## [To do]
What is needed is a faithful copy of all the entries, with no pictures in it.

## [Data provided]
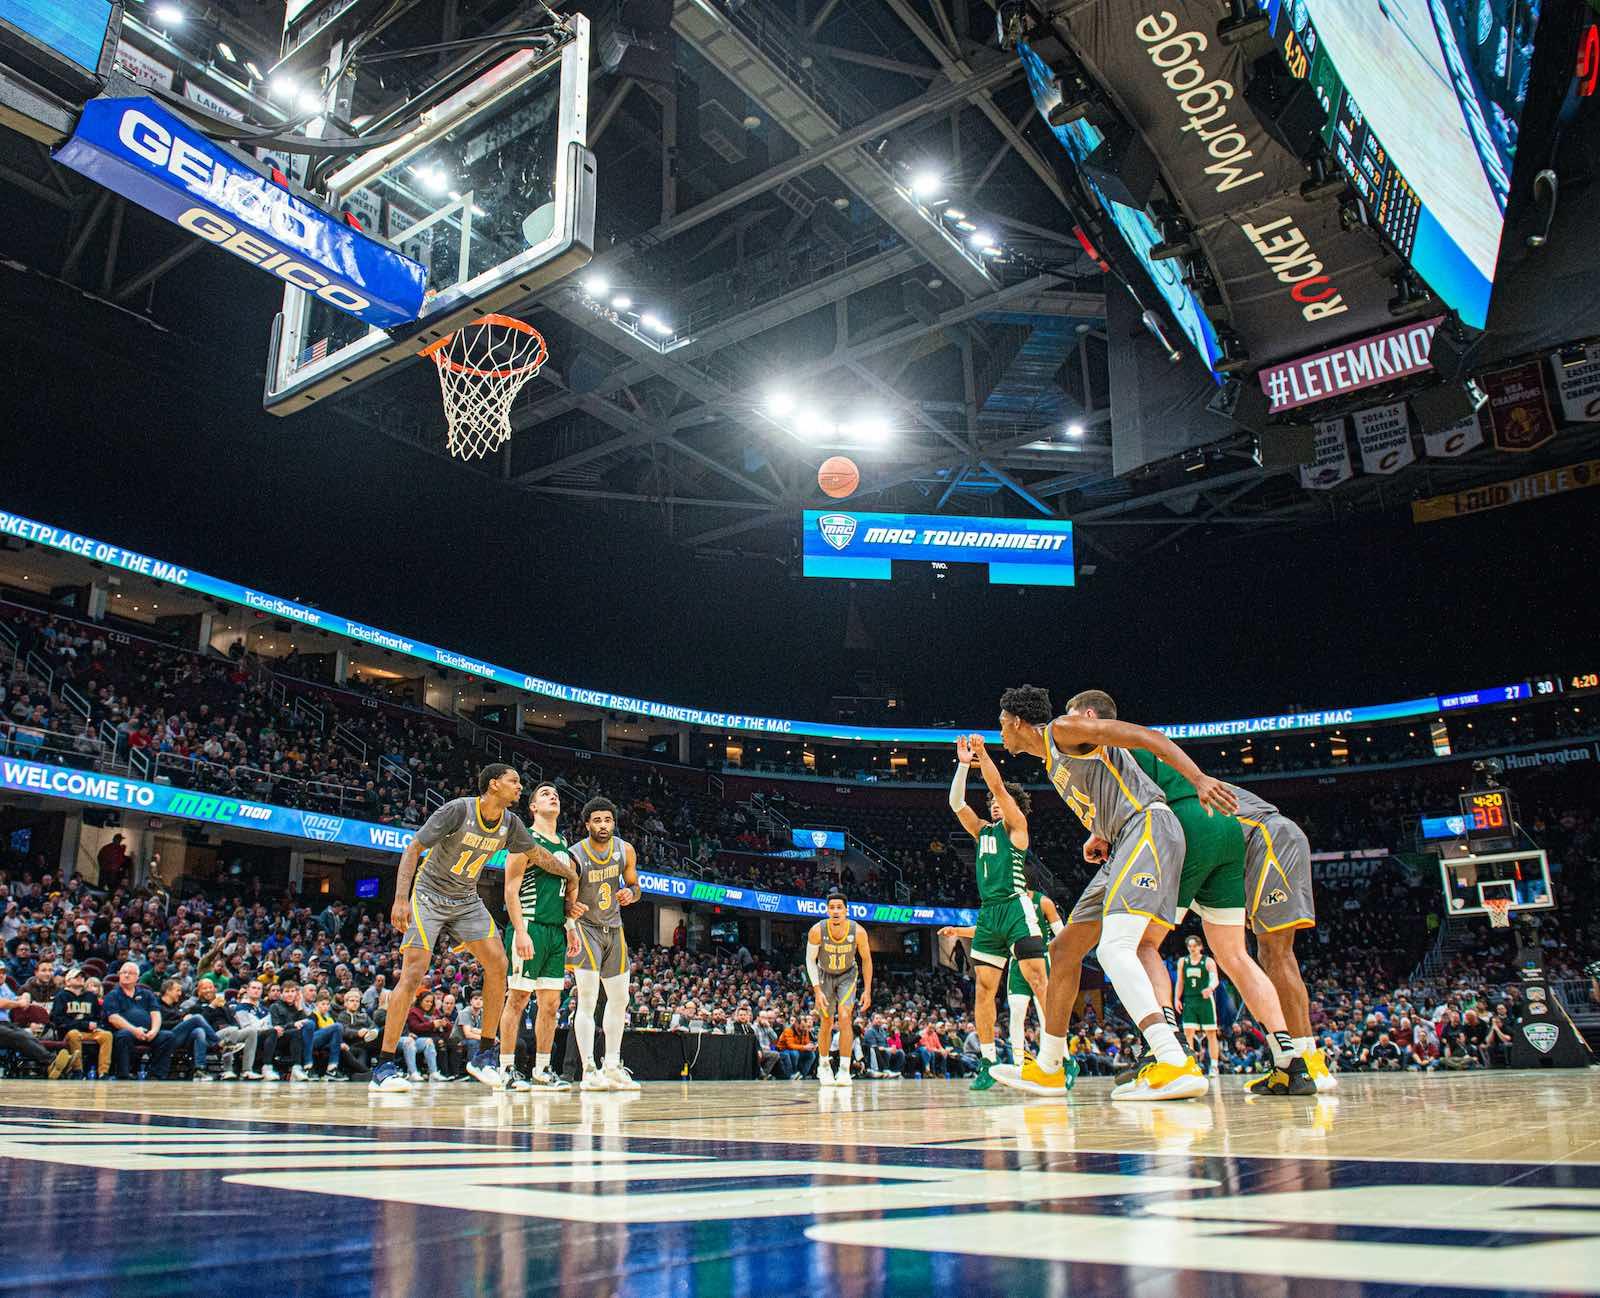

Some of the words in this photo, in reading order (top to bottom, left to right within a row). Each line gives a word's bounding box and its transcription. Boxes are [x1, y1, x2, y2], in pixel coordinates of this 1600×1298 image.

[196, 94, 231, 117] LARRY
[1136, 11, 1264, 192] Mortgage
[118, 109, 316, 250] GEICO
[178, 207, 371, 314] GEICO
[1241, 216, 1349, 322] ROCKET
[1268, 325, 1436, 408] #LETEMKNO
[1360, 426, 1408, 445] CONFERENCE
[1365, 419, 1399, 434] EASTERN
[1363, 436, 1407, 453] CHAMPIONS
[864, 527, 917, 545] MAC
[923, 531, 1068, 551] TOURNAMENT
[95, 544, 118, 562] OF
[121, 551, 150, 574] THE
[152, 561, 188, 584] MAC
[244, 591, 320, 624] TicketSmarter
[346, 622, 414, 652] TicketSmarter
[435, 649, 496, 678] TicketSmarter
[1537, 681, 1554, 695] 30
[1571, 673, 1599, 689] 4:20
[524, 676, 568, 700] OFFICIAL
[570, 687, 609, 708] TICKET
[609, 695, 650, 715] RESALE
[650, 702, 725, 727] MARKETPLACE
[726, 714, 743, 728] OF
[744, 716, 765, 731] THE
[767, 719, 792, 733] MAC
[1504, 686, 1520, 700] 27
[1189, 717, 1276, 737] MARKETPLACE
[1278, 716, 1295, 730] OF
[1298, 713, 1321, 727] THE
[1323, 710, 1352, 724] MAC
[3, 761, 121, 801] WELCOME
[124, 783, 154, 806] TO
[1473, 793, 1503, 808] 4:20
[1472, 806, 1503, 829] 30
[369, 827, 414, 850] WELC
[450, 850, 488, 879] 14
[983, 861, 989, 878] 1
[638, 874, 670, 893] COME
[671, 879, 686, 895] TO
[1139, 877, 1151, 888] K
[598, 881, 612, 911] 3
[851, 905, 867, 917] TO
[828, 954, 846, 970] 11

## [Written response]
Some of the words in this photo, in reading order (top to bottom, left to right within a row). Each line gives a word's bounding box and its transcription. Boxes are [x1, y1, x2, y2], in pixel coordinates of this 1600×1298 image.

[196, 94, 231, 117] LARRY
[1136, 11, 1264, 192] Mortgage
[118, 109, 316, 250] GEICO
[178, 207, 371, 314] GEICO
[1241, 216, 1349, 322] ROCKET
[1268, 325, 1436, 408] #LETEMKNO
[1360, 426, 1408, 445] CONFERENCE
[1365, 419, 1399, 434] EASTERN
[1363, 436, 1407, 453] CHAMPIONS
[864, 527, 917, 545] MAC
[923, 531, 1068, 551] TOURNAMENT
[95, 544, 118, 562] OF
[121, 551, 150, 574] THE
[152, 561, 188, 584] MAC
[244, 591, 320, 624] TicketSmarter
[346, 622, 414, 652] TicketSmarter
[435, 649, 496, 678] TicketSmarter
[1537, 681, 1554, 695] 30
[1571, 673, 1599, 689] 4:20
[524, 676, 568, 700] OFFICIAL
[570, 687, 609, 708] TICKET
[609, 695, 650, 715] RESALE
[650, 702, 725, 727] MARKETPLACE
[726, 714, 743, 728] OF
[744, 716, 765, 731] THE
[767, 719, 792, 733] MAC
[1504, 686, 1520, 700] 27
[1189, 717, 1276, 737] MARKETPLACE
[1278, 716, 1295, 730] OF
[1298, 713, 1321, 727] THE
[1323, 710, 1352, 724] MAC
[3, 761, 121, 801] WELCOME
[124, 783, 154, 806] TO
[1473, 793, 1503, 808] 4:20
[1472, 806, 1503, 829] 30
[369, 827, 414, 850] WELC
[450, 850, 488, 879] 14
[983, 861, 989, 878] 1
[638, 874, 670, 893] COME
[671, 879, 686, 895] TO
[1139, 877, 1151, 888] K
[598, 881, 612, 911] 3
[851, 905, 867, 917] TO
[828, 954, 846, 970] 11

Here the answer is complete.